Critical assessment of on-premise approaches to scalable genome analysis

Affiliations

Critical assessment of on-premise approaches to scalable genome analysis

Amira Al-Aamri et al. BMC Bioinformatics. .

Abstract

Background: Plummeting DNA sequencing cost in recent years has enabled genome sequencing projects to scale up by several orders of magnitude, which is transforming genomics into a highly data-intensive field of research. This development provides the much needed statistical power required for genotype-phenotype predictions in complex diseases.

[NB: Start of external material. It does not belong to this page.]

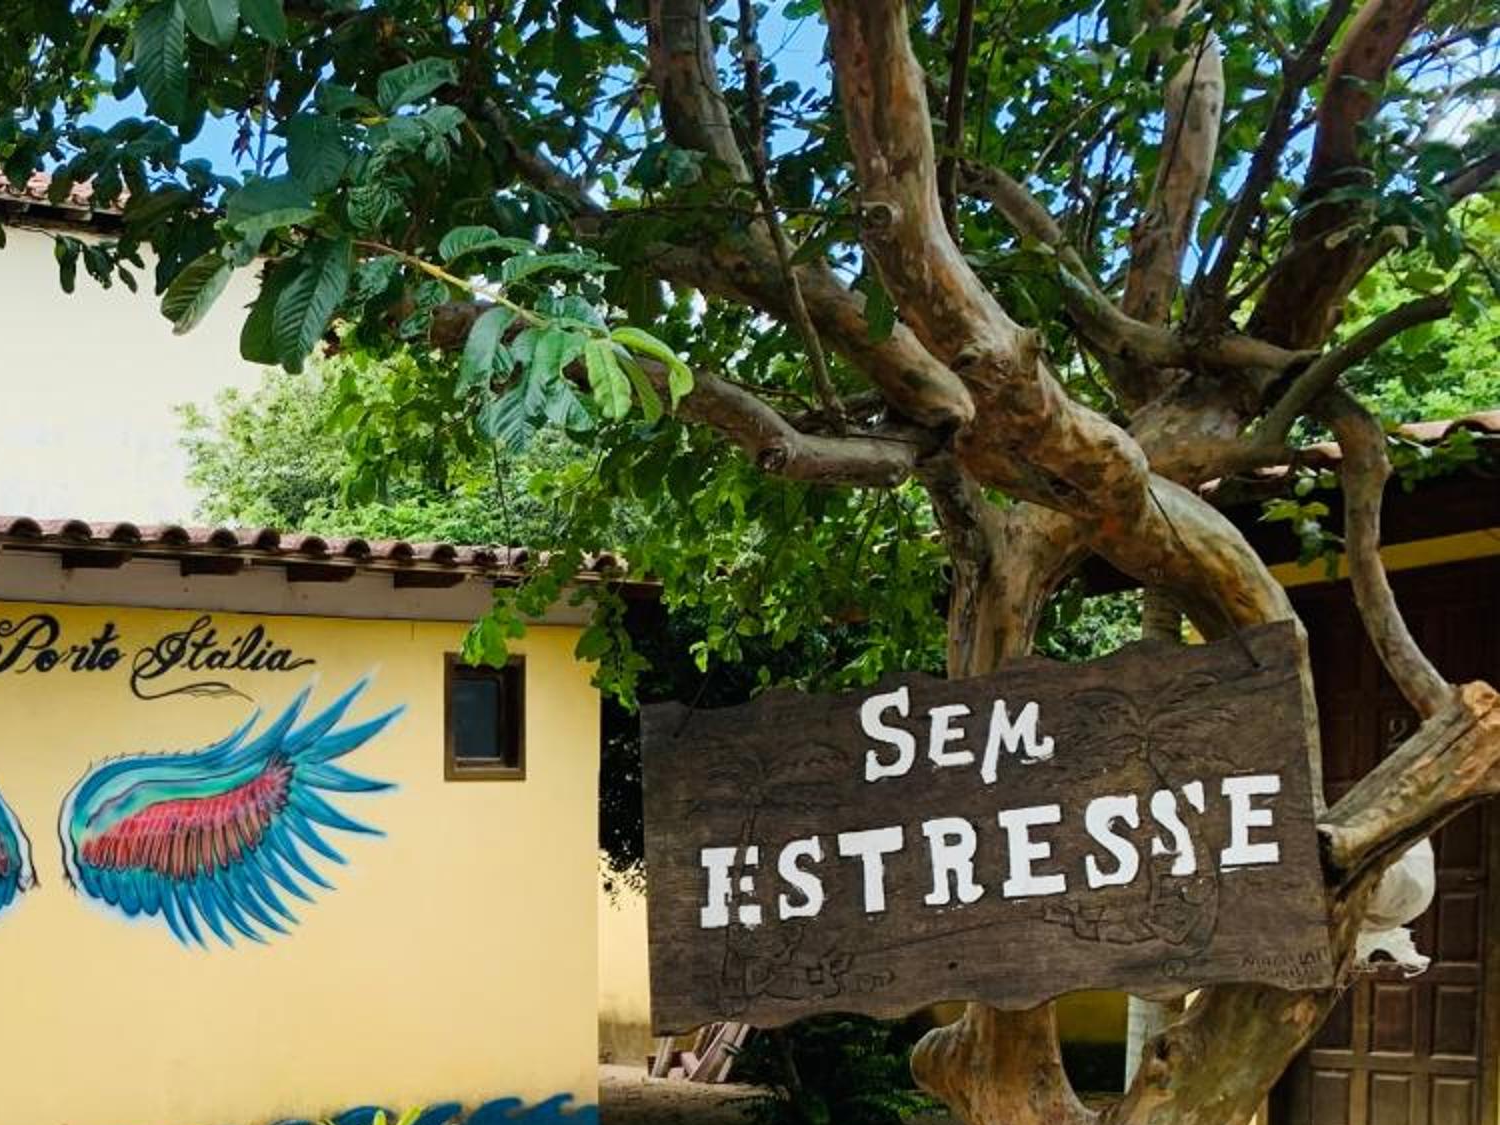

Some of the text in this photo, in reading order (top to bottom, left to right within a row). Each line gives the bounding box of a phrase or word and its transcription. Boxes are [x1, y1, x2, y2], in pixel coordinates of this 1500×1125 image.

[130, 615, 316, 701] Itália
[859, 685, 1055, 784] SEM
[700, 773, 1282, 930] ESTRESSE

Methods: In order to efficiently leverage the wealth of information, we here assessed several genomic data science tools. The rationale to focus on on-premise installations is to cope with situations where data confidentiality and compliance regulations etc. rule out cloud based solutions. We established a comprehensive qualitative and quantitative comparison between BCFtools, SnpSift, Hail, GEMINI, and OpenCGA. The tools were compared in terms of data storage technology, query speed, scalability, annotation, data manipulation, visualization, data output representation, and availability.

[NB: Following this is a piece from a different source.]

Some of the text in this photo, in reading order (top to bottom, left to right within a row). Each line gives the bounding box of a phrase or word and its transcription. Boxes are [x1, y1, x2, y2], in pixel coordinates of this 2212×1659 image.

Results: Tools that leverage sophisticated data structures are noted as the most suitable for large-scale projects in varying degrees of scalability in comparison to flat-file manipulation (e.g., BCFtools, and SnpSift). Remarkably, for small to mid-size projects, even lightweight relational database.

Conclusion: The assessment criteria provide insights into the typical questions posed in scalable genomics and serve as guidance for the development of scalable computational infrastructure in genomics.

Keywords: Big data; Genomic data science; Genomic databases; Horizontal scaling; NoSQL; SQL; VCF.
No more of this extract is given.